## EXERCISE REQUIREMENTS
The records shown below are to be repeated exactly and completely.

** Opening PROVIDED RECORDS block **

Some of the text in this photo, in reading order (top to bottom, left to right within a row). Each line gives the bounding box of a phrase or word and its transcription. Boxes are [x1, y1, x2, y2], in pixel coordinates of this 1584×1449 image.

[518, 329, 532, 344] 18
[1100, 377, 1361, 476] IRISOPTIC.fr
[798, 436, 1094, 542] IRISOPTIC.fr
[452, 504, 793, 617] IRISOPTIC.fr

** Closing PROVIDED RECORDS block **

## TASK ANSWER
Some of the text in this photo, in reading order (top to bottom, left to right within a row). Each line gives the bounding box of a phrase or word and its transcription. Boxes are [x1, y1, x2, y2], in pixel coordinates of this 1584×1449 image.

[518, 329, 532, 344] 18
[1100, 377, 1361, 476] IRISOPTIC.fr
[798, 436, 1094, 542] IRISOPTIC.fr
[452, 504, 793, 617] IRISOPTIC.fr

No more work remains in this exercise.